On Wednesday, W.H.O. granted its first approval of a malaria vaccine, developed by GlaxoSmithKline and currently proving successful in a pilot program conducted in Ghana, Kenya, and Malawi.
The Financial Times (FT) suggested Moderna’s somewhat surprising announcement was made in response to criticism that vaccine manufacturers are not doing enough to inoculate the development world, and perhaps to protect themselves against proposals that would “force them to waive intellectual property rights to spur expanded use of their technologies.”
FT noted Moderna’s rival and Pfizer’s partner BioNTech recently announced it would establish a facility for manufacturing mRNA vaccines in Africa, possibly in Senegal or Rwanda. Moderna, however, would become “the first company to announce plans for a wholly-owned mRNA facility in the region that would produce the active ingredient in the vaccine.”
Bloomberg News quoted Bancel saying the proposed African facility would be comparable to the primary Moderna plant in Massachusetts, “owned and operated by Moderna but staffed mostly with local workers.”
“We played a lot of scenarios over the last couple of months and decided we should do something big in Africa.
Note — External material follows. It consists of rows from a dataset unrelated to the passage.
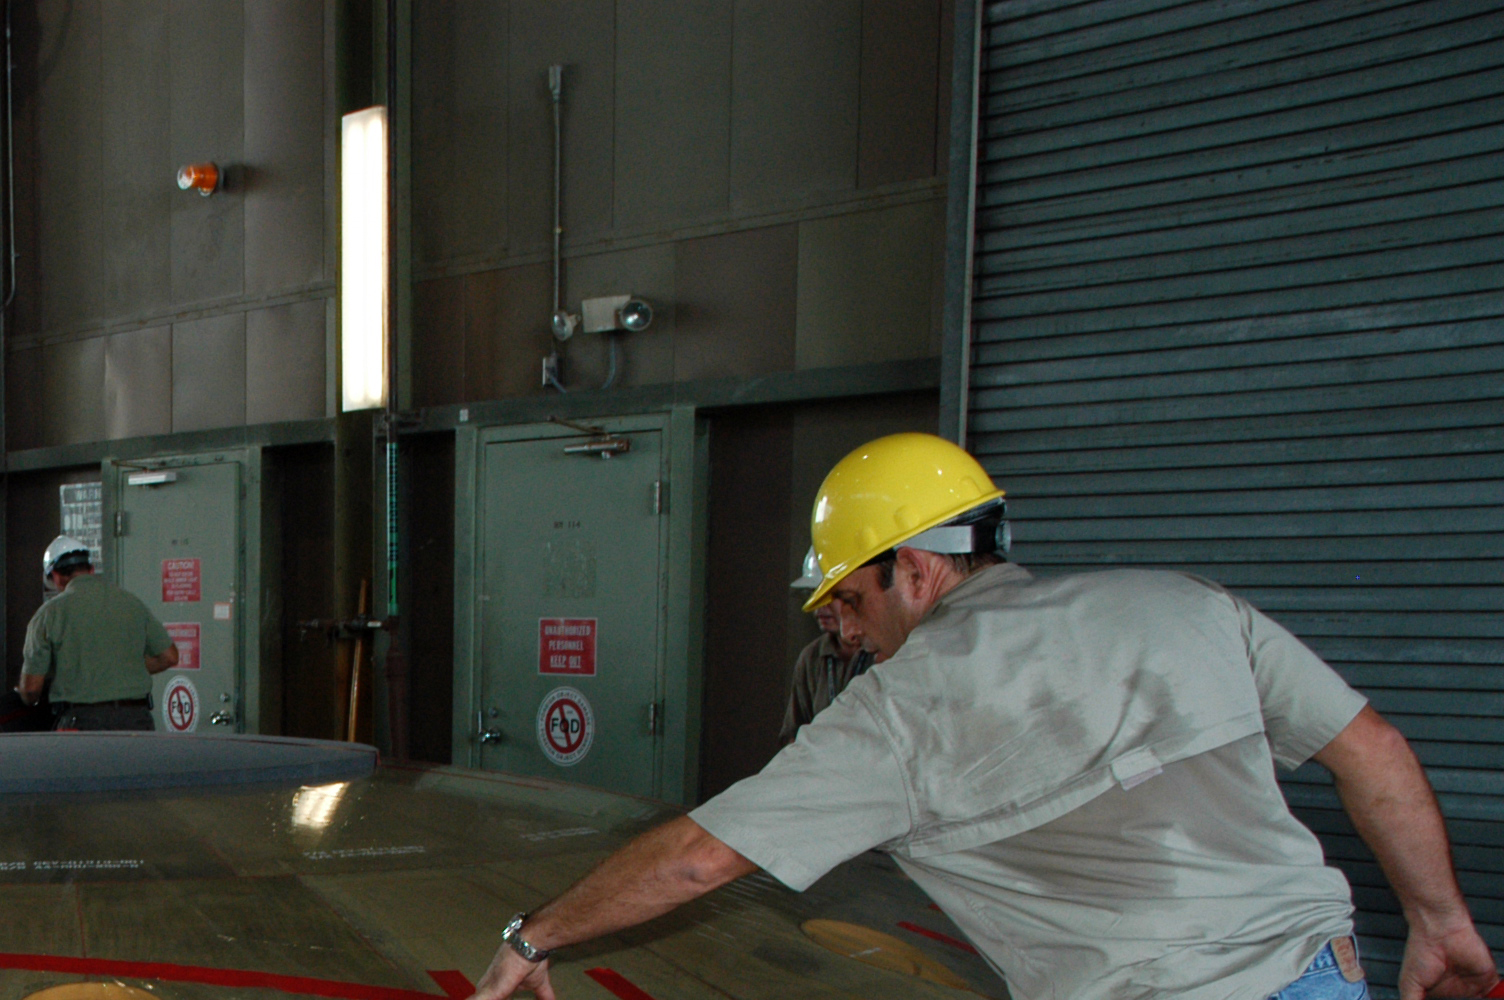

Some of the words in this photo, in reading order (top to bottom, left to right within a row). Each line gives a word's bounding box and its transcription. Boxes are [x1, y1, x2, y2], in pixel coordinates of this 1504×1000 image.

[544, 624, 592, 636] UNAUTHORIZED
[548, 639, 585, 651] PERSONNEL
[550, 655, 567, 666] KEEP
[568, 655, 582, 667] OUT
[171, 701, 192, 715] FOD
[550, 717, 581, 734] FOD
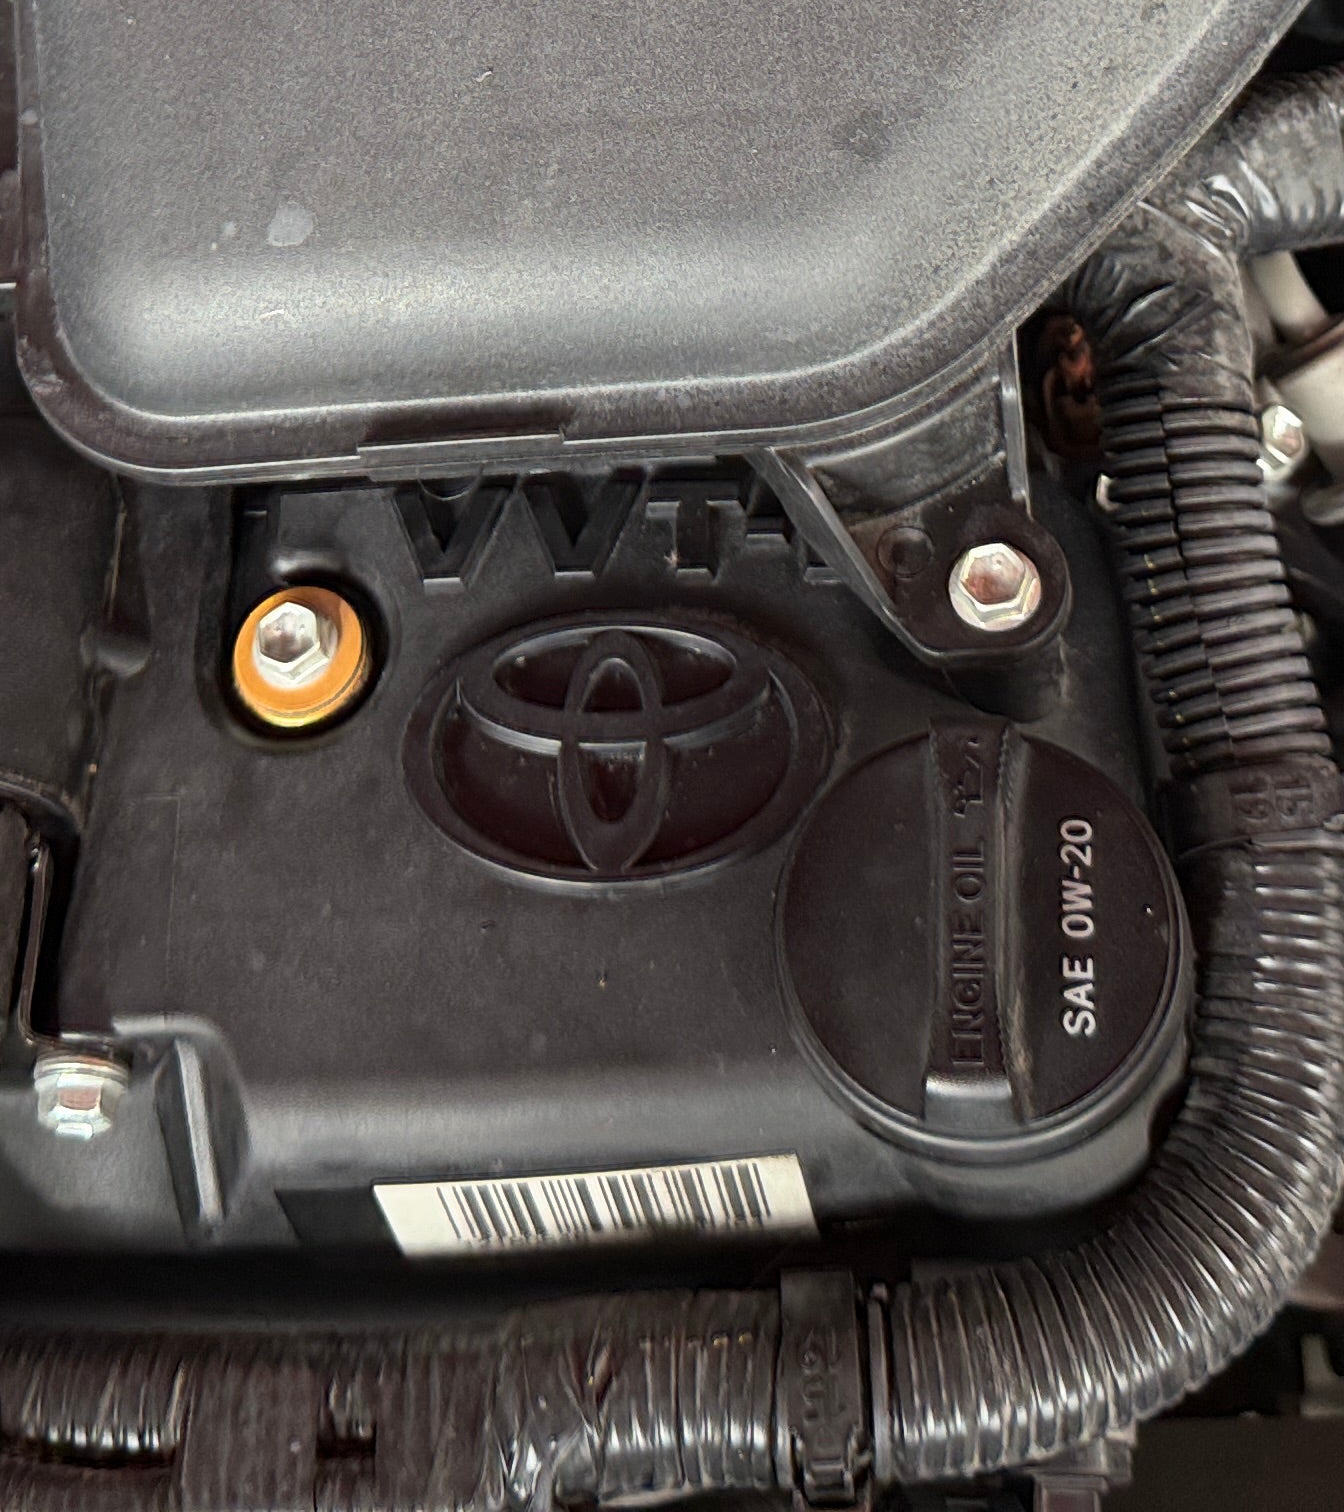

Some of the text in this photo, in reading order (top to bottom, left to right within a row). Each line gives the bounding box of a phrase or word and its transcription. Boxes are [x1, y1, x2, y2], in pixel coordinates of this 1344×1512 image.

[951, 839, 985, 1066] ENGINE OIL
[1060, 817, 1098, 1039] SAE 0W-20
The only way to do it right, if you take a 5-to-10-year view, was to build our own plant like we’ve done in America, so that’s exactly the model,” he said.
Bancel said in this interview that five African countries were under consideration, but did not name them.
The Washington Post observed that Moderna’s announcement came after “tensions between the Biden administration and Moderna boiled over in the last week,” including a “contentious” meeting on Friday where the administration reportedly demanded a billion doses of vaccine for developing nations by the end of next year.
“For months, the U.S. government has pleaded with Moderna to boost its domestic and international production so it can ramp up donations to low- and middle-income countries,” the Washington Post said. “But in two meetings during the last week, Biden administration officials have grown exasperated over the biotechnology company’s refusal to commit to doing so.”
According to the Washington Post’s sources, the Biden administration is “frustrated” and “exasperated” with Moderna because the company received billions in government funding to develop its vaccine, along with assistance from the National Institute of Allergy and Infectious Diseases, but Moderna has been slow to respond to government demands.
The administration is also evidently resentful of how much money Moderna executives have been making from coronavirus vaccines, as the Washington Post made a point of mentioning three of them just became billionaires and joined the Forbes list of the 400 richest Americans.